Tanto que o risco de o vírus se espalhar amplamente na China já passou. Wuhan ainda está em situação de bloqueio, mas os novos casos de infecção no país estão diminuindo constantemente e até mesmo desaparecendo, como no Tibet. No levantamento mais recente, existem 78,1 mil confirmações da doença e 2,7 mil mortes no país.


Agenda em segundo plano


Com um calendário de indicadores e eventos econômicos bastante leve nesta semana, o noticiário em torno do coronavírus deve seguir como o principal direcionador (driver) do mercado financeiro global nos próximos dias. Até porque boa parte dos números que serão conhecidos ainda falam de um passado que não contém a doença.


Ainda assim, a agenda doméstica traz em destaque dados de atividade (comércio e serviços) e sobre o mercado de trabalho. No exterior, merecem atenção os dados sobre a renda pessoal e os gastos com consumo nos Estado Unidos, além da inflação ao consumidor norte-americano (CPI).


Confira um resumo do que passou e o que vem por aí nesta semana:

*Horários de Brasília


Segunda-feira: A segunda-feira foi negra nos mercados globais, diante do aumento no número de casos de coronavírus fora da China, em especial, no Irã e na Itália. Em Wall Street, os três índices acionários caíram mais de 3%, cada, o que não acontecia desde dezembro de 2018, sendo que Dow Jones registrou a terceira maior queda diária em 124 anos de história e ficou negativo no ano. Na Europa, as perdas foram ainda mais aceleradas, de mais de 5% na Itália, no recuo mais acelerado desde 2015, enquanto as bolsas de Frankfurt, Paris e Madri caíram 4%, cada. Entre os ativos seguros, o ouro renovou o maior valor em sete anos, a US$ 1.684 a onça, ao passo que o rendimento do título norte-americano de 10 anos (T-note) aproximou-se da mínima recorde de 1,32%. Já o preço do barril de petróleo manteve a faixa de US$ 50.


Terça-feira: O Dow Jones caiu mais de 3% novamente, perdendo 1,9 mil pontos em dois dias, no maior recuo no período na história do indicador. O S&P 500 e o Nasdaq 100 também tiveram perdas aceleradas, com as incertezas sobre as eleições presidenciais nos EUA também pesando em Wall Street. Mas, no geral, o movimento ainda reflete o medo em relação ao coronavírus, o que também penalizou as bolsas europeias. Porém, as perdas no Velho Continente foram mais moderadas, após a Ásia ensaiar uma recuperação. Nos demais ativos, a T-note cravou nova mínima, a 1,31%.
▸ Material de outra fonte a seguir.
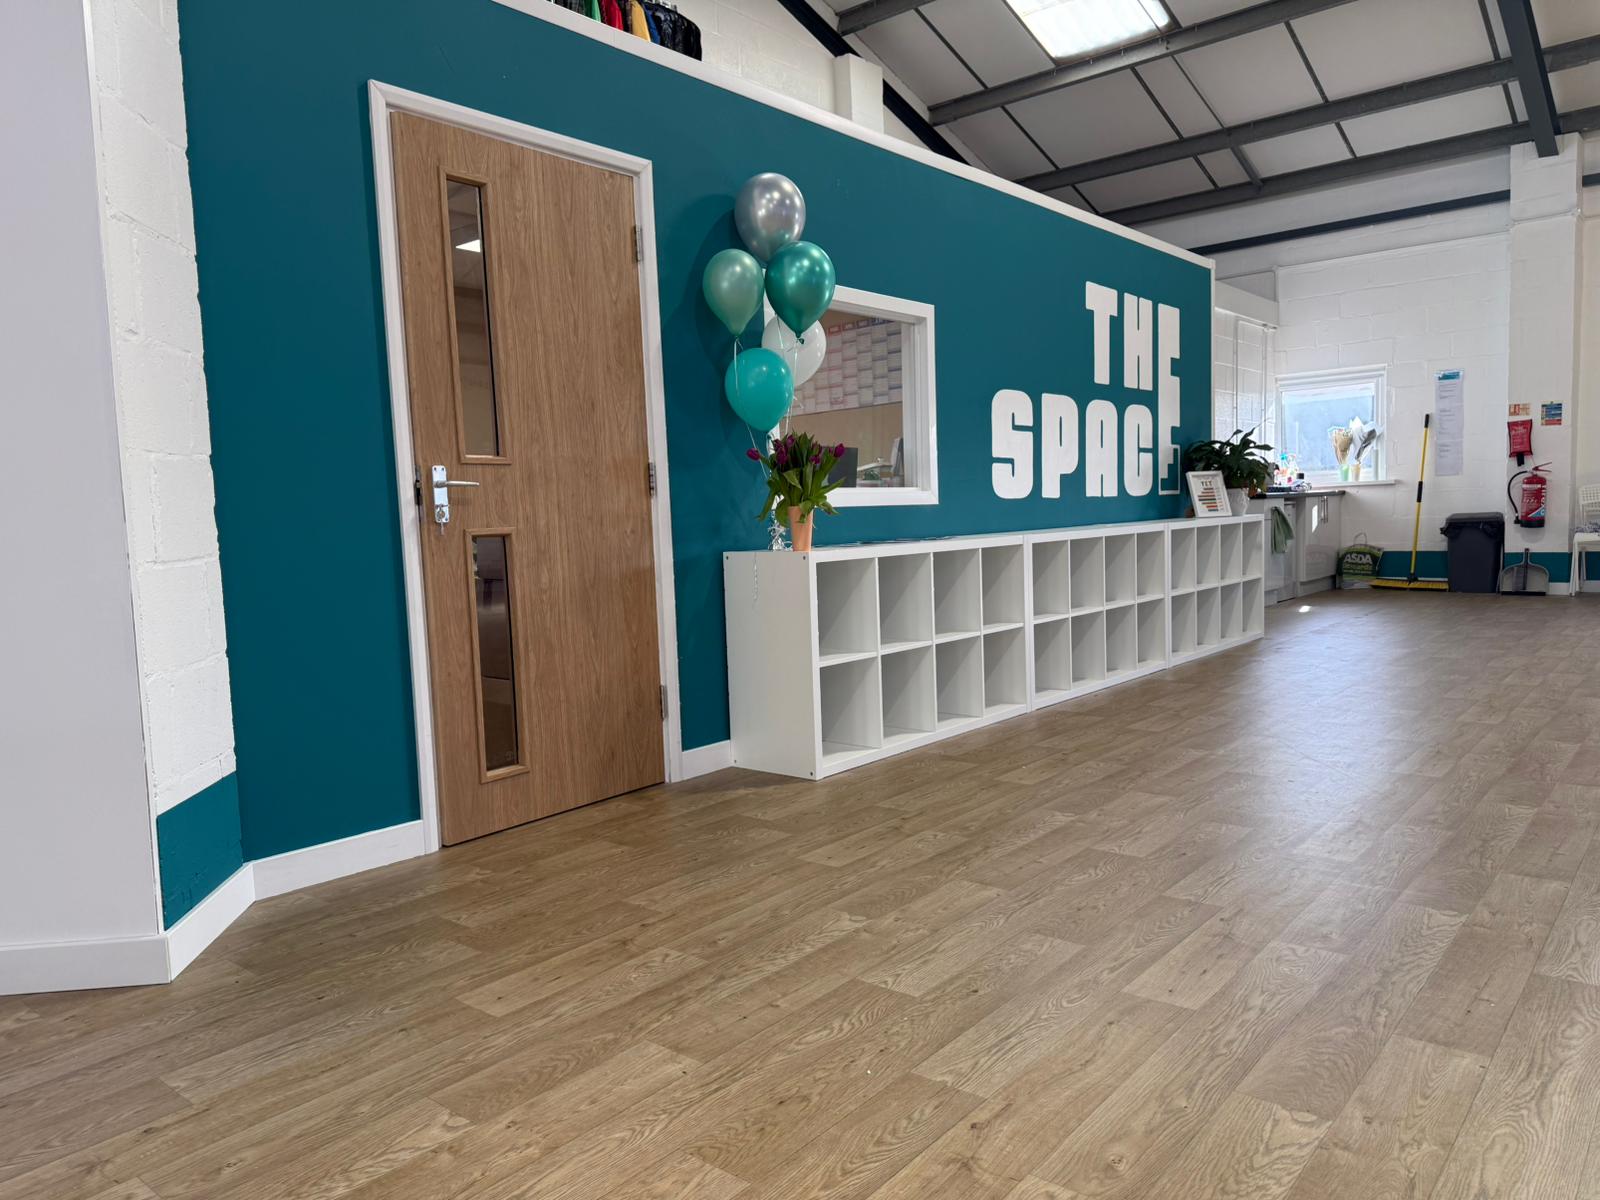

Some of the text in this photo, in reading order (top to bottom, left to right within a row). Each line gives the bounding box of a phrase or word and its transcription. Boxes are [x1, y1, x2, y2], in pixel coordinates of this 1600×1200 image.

[1085, 281, 1180, 405] THE
[991, 386, 1180, 499] SPACE
[1343, 553, 1373, 564] ASDA
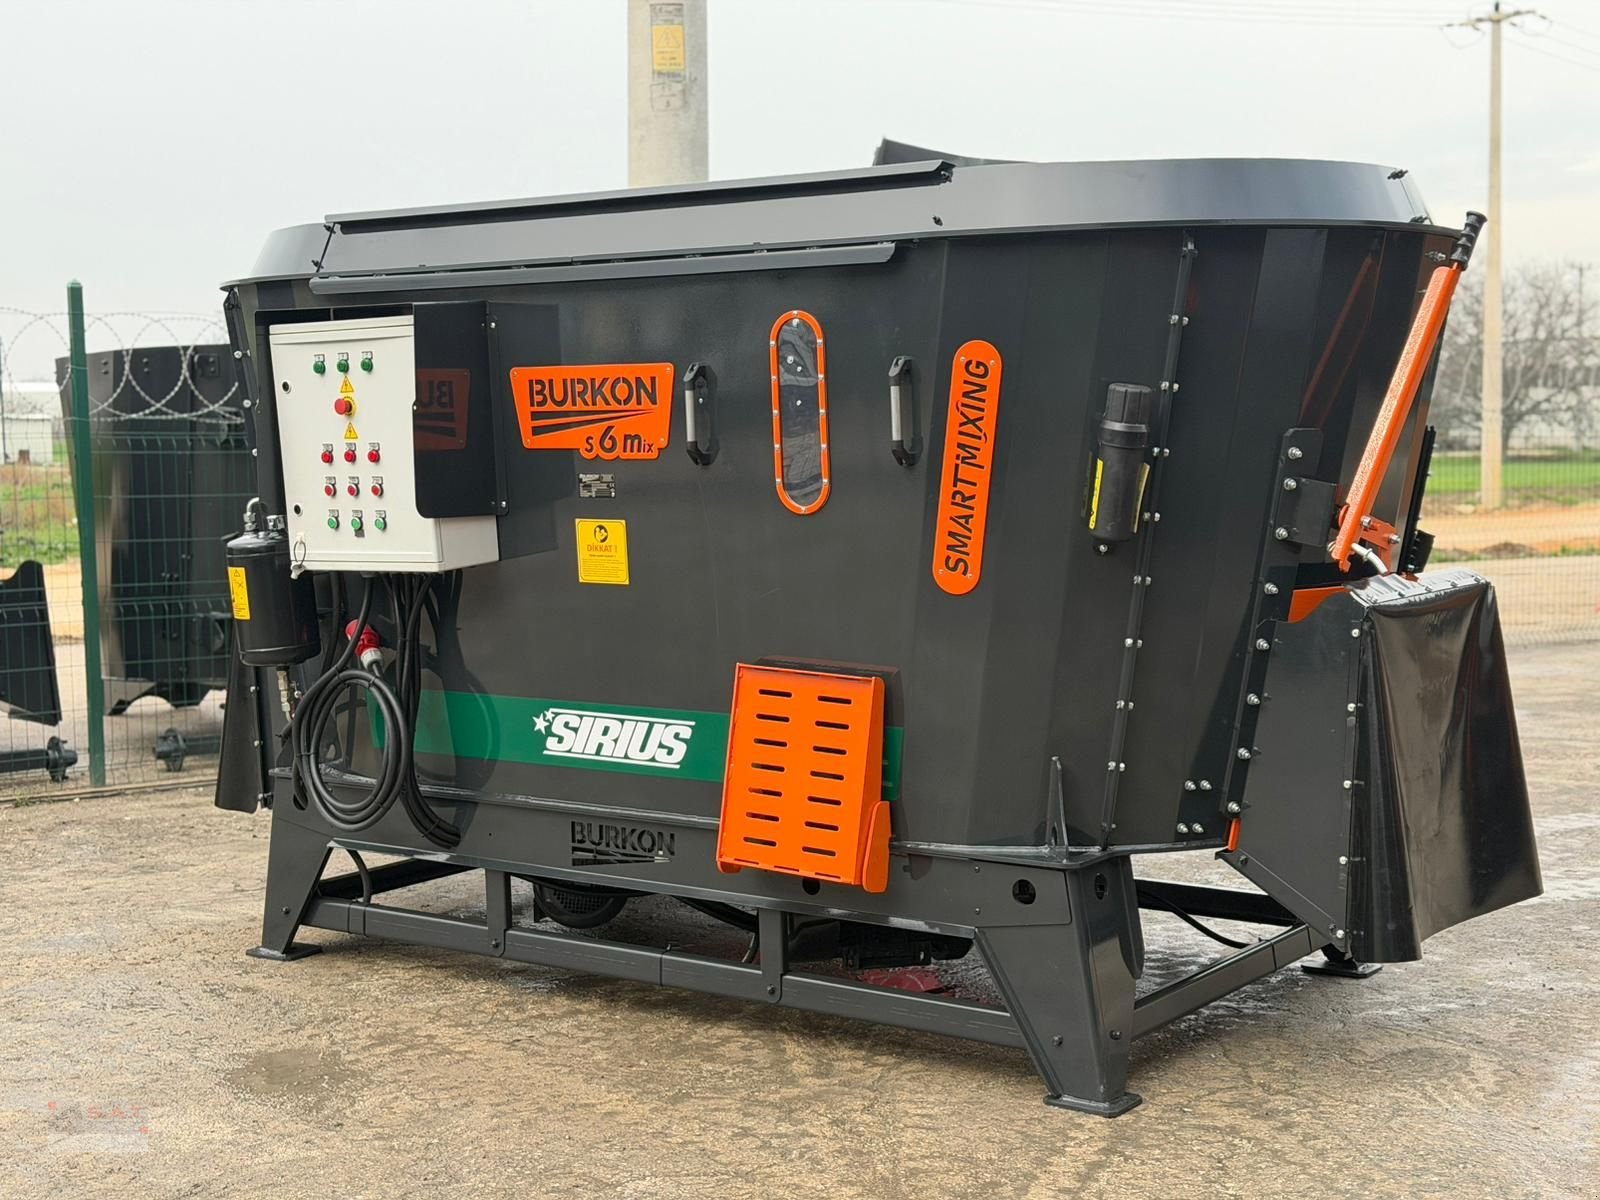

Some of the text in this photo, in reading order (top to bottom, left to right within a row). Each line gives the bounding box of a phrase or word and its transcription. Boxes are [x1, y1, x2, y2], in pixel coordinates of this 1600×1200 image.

[528, 376, 657, 408] BURKON
[545, 714, 693, 764] SIRIUS
[571, 821, 675, 856] BURKON
Quarta-feira: O mercado doméstico volta a operar hoje, a partir das 13h, após a pausa de dois dias e meio por causa do carnaval. Antes, às 12h, o Banco Central publica o relatório de mercado Focus. No exterior, saem dados sobre o setor imobiliário norte-americano. Também merece atenção a decisão de política monetária do BC da Coreia do Sul (BoK).


Quinta-feira: A agenda econômica doméstica traz apenas o resultado deste mês do IGP-M, enquanto no exterior o destaque fica a segunda estimativa do PIB dos EUA. O calendário norte-americano traz também as encomendas de bens duráveis. Ainda por aqui, também será conhecida a bandeira tarifária vigente para o mês de março e sai o balanço da Ambev.


Sexta-feira: A semana chega ao fim com uma agenda carregada. No Brasil, saem os índices de confiança dos empresários dos setores industrial e de serviços em fevereiro, além dos dados atualizados até janeiro sobre o mercado de trabalho no Brasil (Pnad). Já nos EUA, serão conhecidos os dados sobre a renda pessoal e os gastos com consumo em janeiro, além do índice de preços PCE, dos estoques no atacado e da leitura final do sentimento do consumidor norte-americano.